-- Exercise data follows --

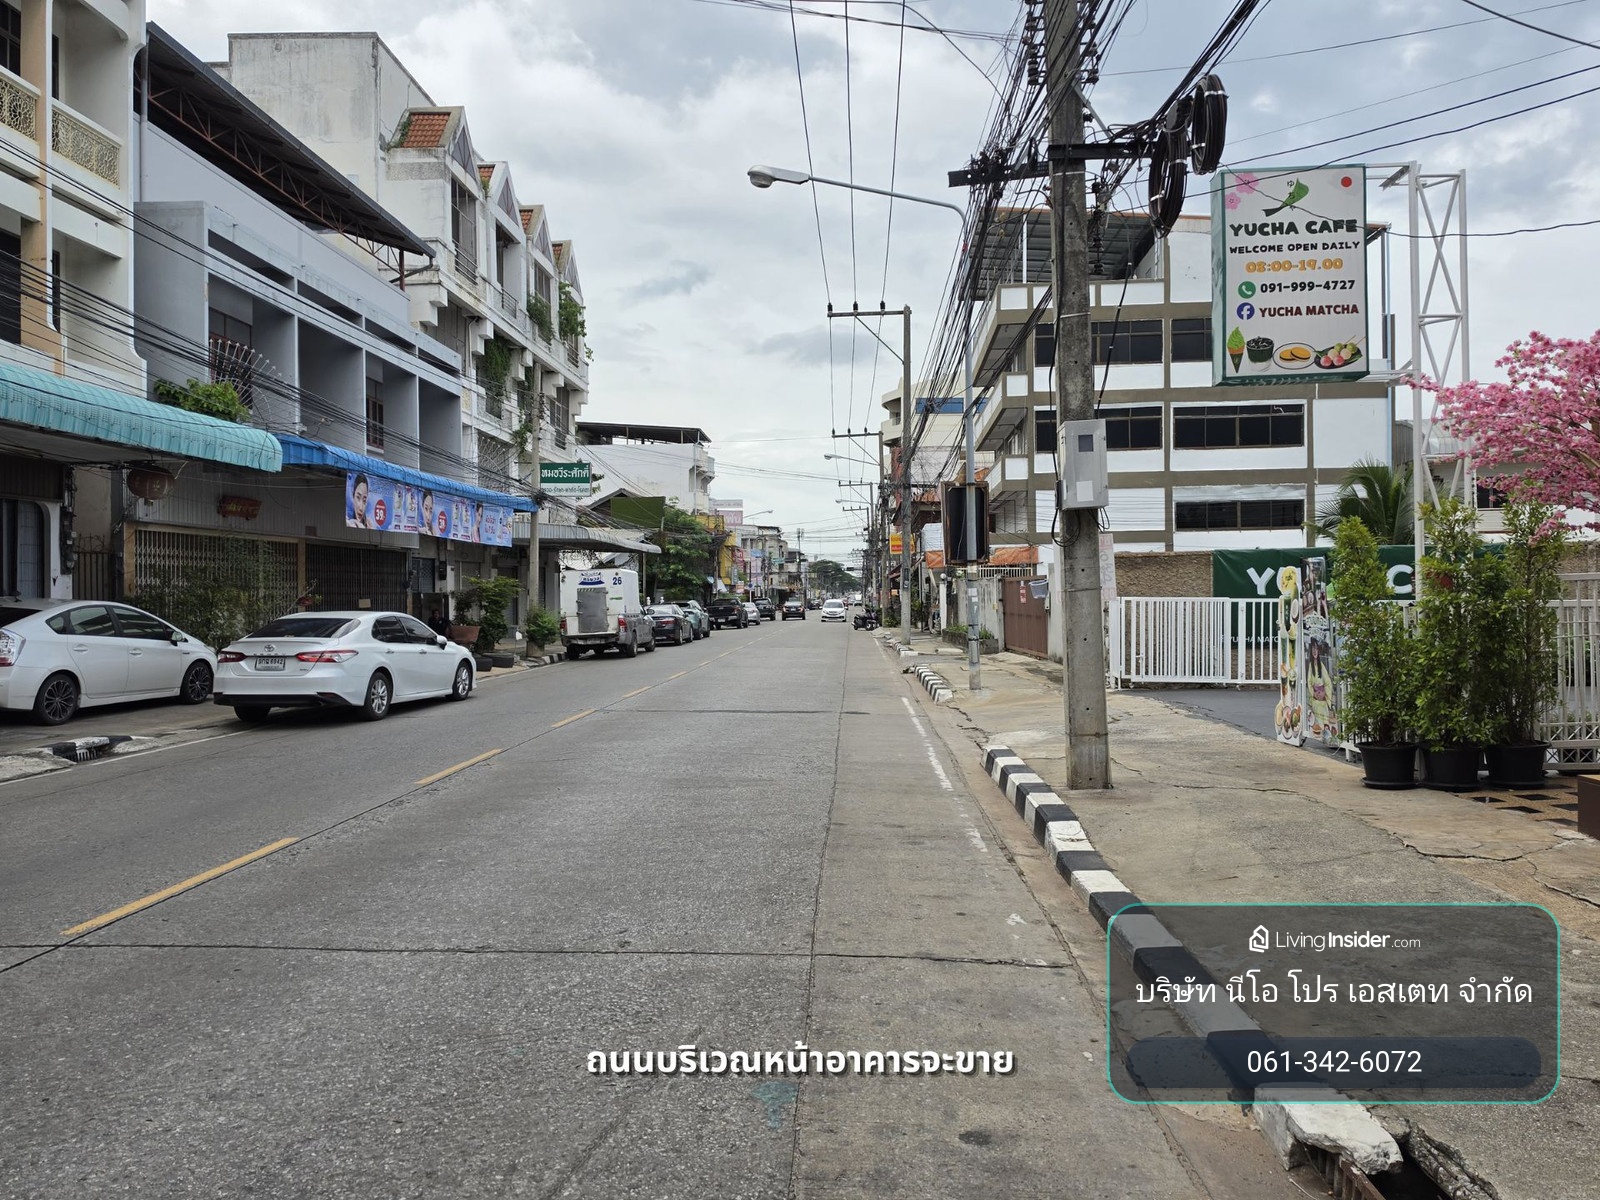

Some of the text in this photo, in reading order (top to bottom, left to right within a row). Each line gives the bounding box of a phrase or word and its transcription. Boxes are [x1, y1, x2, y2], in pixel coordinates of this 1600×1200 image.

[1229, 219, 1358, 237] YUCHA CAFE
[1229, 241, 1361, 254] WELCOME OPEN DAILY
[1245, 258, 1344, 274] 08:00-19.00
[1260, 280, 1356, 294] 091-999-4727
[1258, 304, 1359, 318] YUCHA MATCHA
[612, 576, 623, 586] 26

-- Exercise data concluded --

All of the entries above are to be written out exactly, with no pictures.

## Response to this exercise
Some of the text in this photo, in reading order (top to bottom, left to right within a row). Each line gives the bounding box of a phrase or word and its transcription. Boxes are [x1, y1, x2, y2], in pixel coordinates of this 1600×1200 image.

[1229, 219, 1358, 237] YUCHA CAFE
[1229, 241, 1361, 254] WELCOME OPEN DAILY
[1245, 258, 1344, 274] 08:00-19.00
[1260, 280, 1356, 294] 091-999-4727
[1258, 304, 1359, 318] YUCHA MATCHA
[612, 576, 623, 586] 26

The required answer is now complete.